Data supplied: Begin

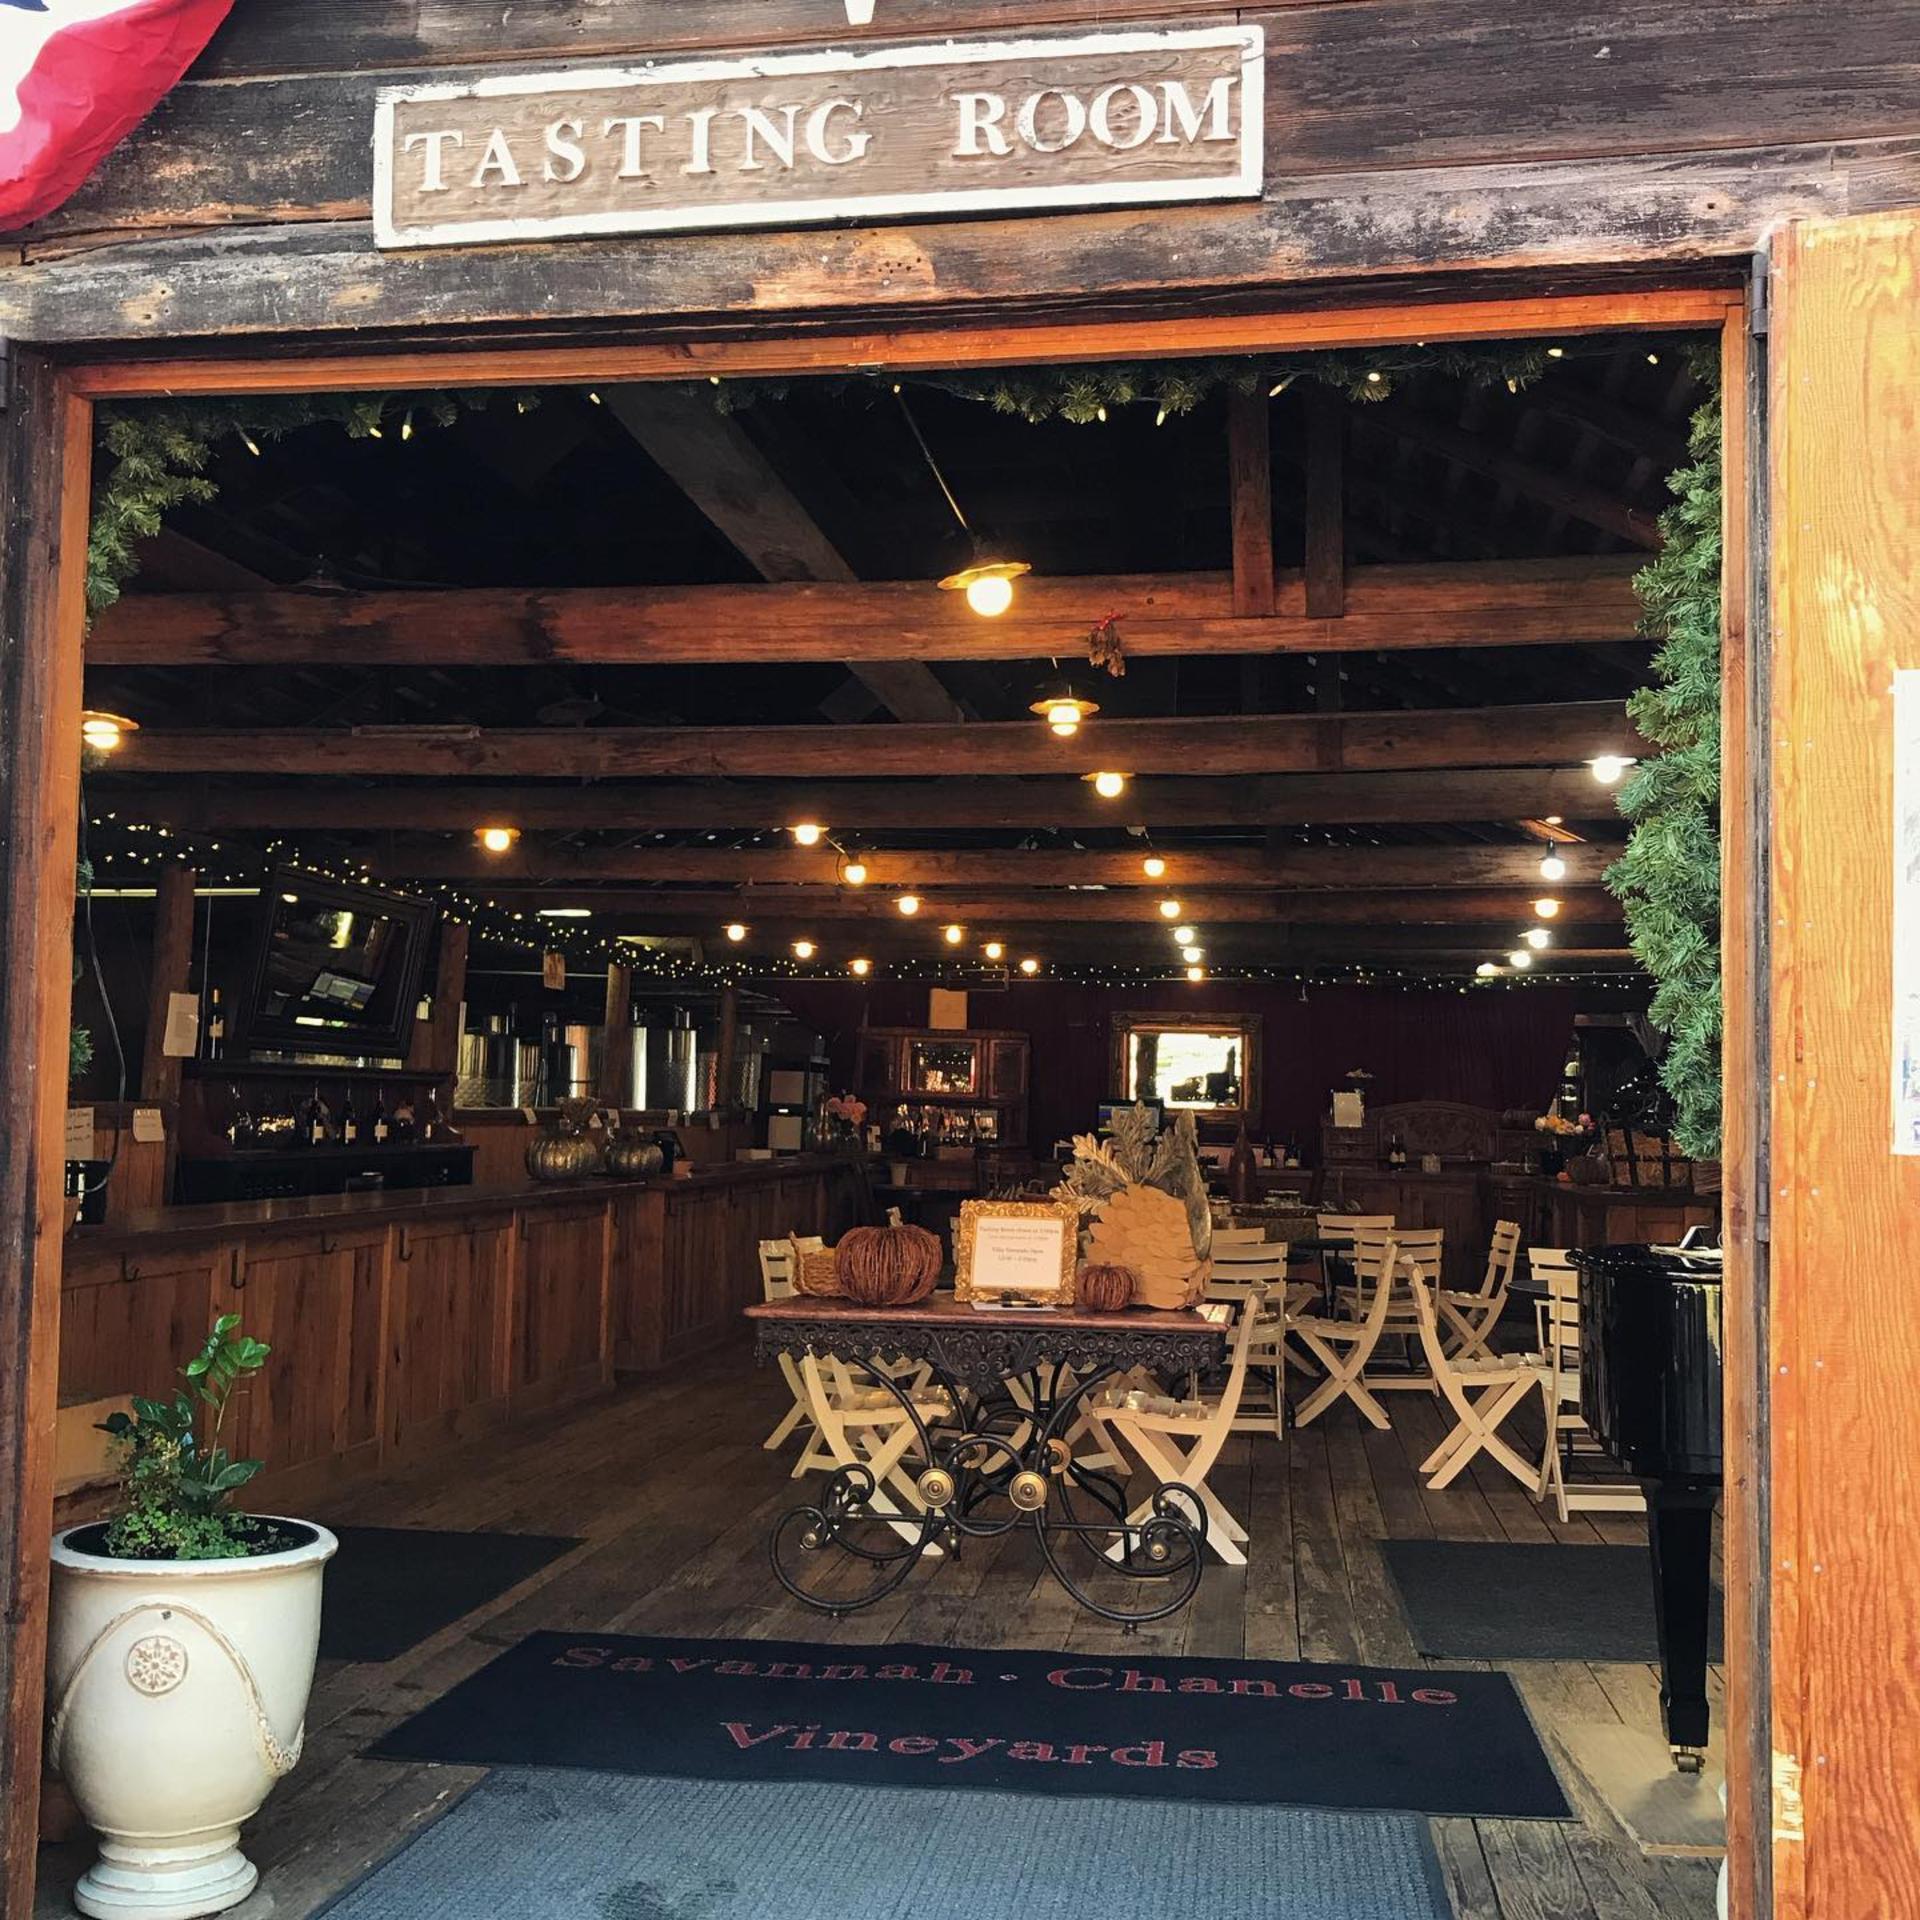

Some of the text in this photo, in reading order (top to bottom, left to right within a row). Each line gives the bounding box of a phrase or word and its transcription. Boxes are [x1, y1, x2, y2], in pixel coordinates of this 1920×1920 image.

[404, 76, 1239, 193] TASTING ROOM
[551, 1646, 1458, 1705] Savannah Chanelle
[719, 1721, 1219, 1769] Vineyards
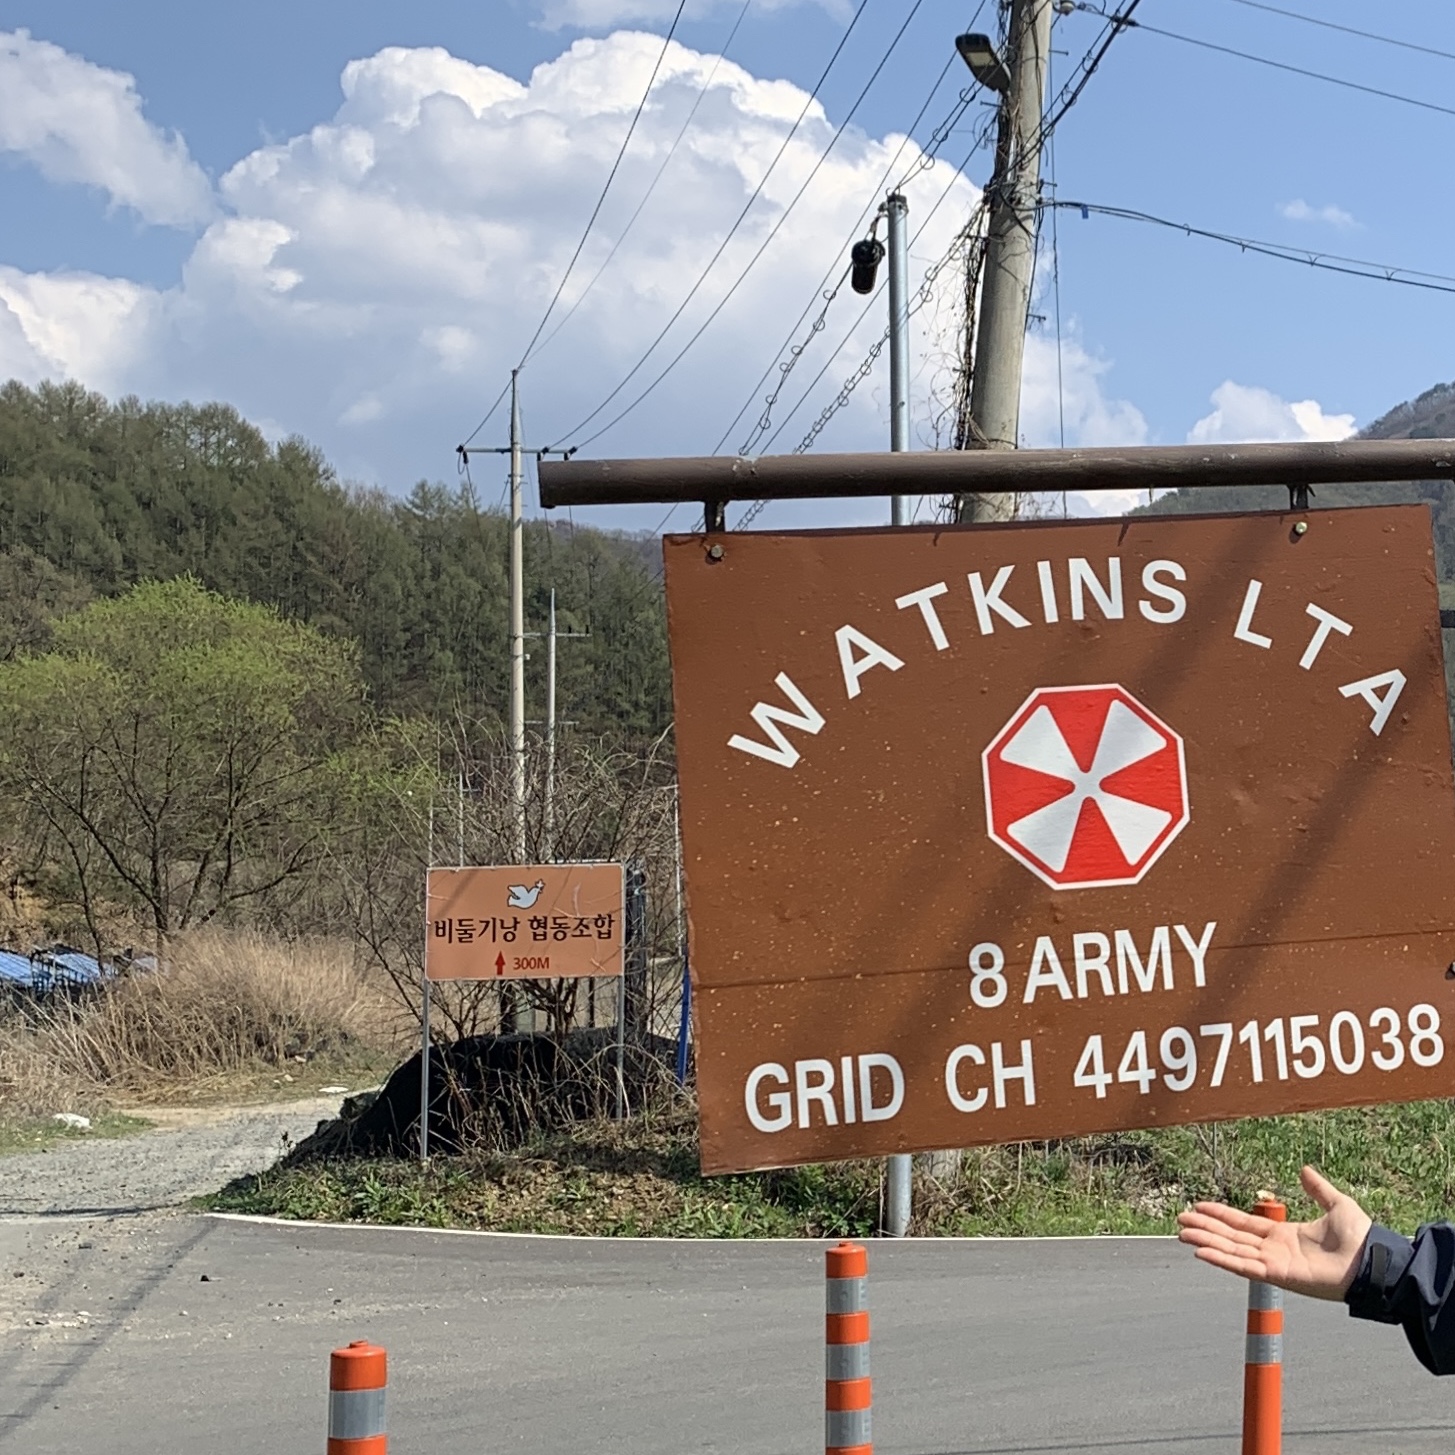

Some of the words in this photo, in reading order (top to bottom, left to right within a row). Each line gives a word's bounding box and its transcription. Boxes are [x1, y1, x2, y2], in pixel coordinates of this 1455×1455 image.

Data supplied: End

■ Work to be completed:
Each entry should be copied exactly as written, though any pictures stay out.

■ Written response:
Some of the text in this photo, in reading order (top to bottom, left to right within a row). Each line gives the bounding box of a phrase or word and its transcription. Boxes are [x1, y1, x2, y2], in pixel coordinates of this 1920×1920 image.

[404, 76, 1239, 193] TASTING ROOM
[551, 1646, 1458, 1705] Savannah Chanelle
[719, 1721, 1219, 1769] Vineyards

Some of the words in this photo, in reading order (top to bottom, left to right within a row). Each line gives a word's bounding box and its transcription. Boxes are [x1, y1, x2, y2], in pixel coordinates of this 1455×1455 image.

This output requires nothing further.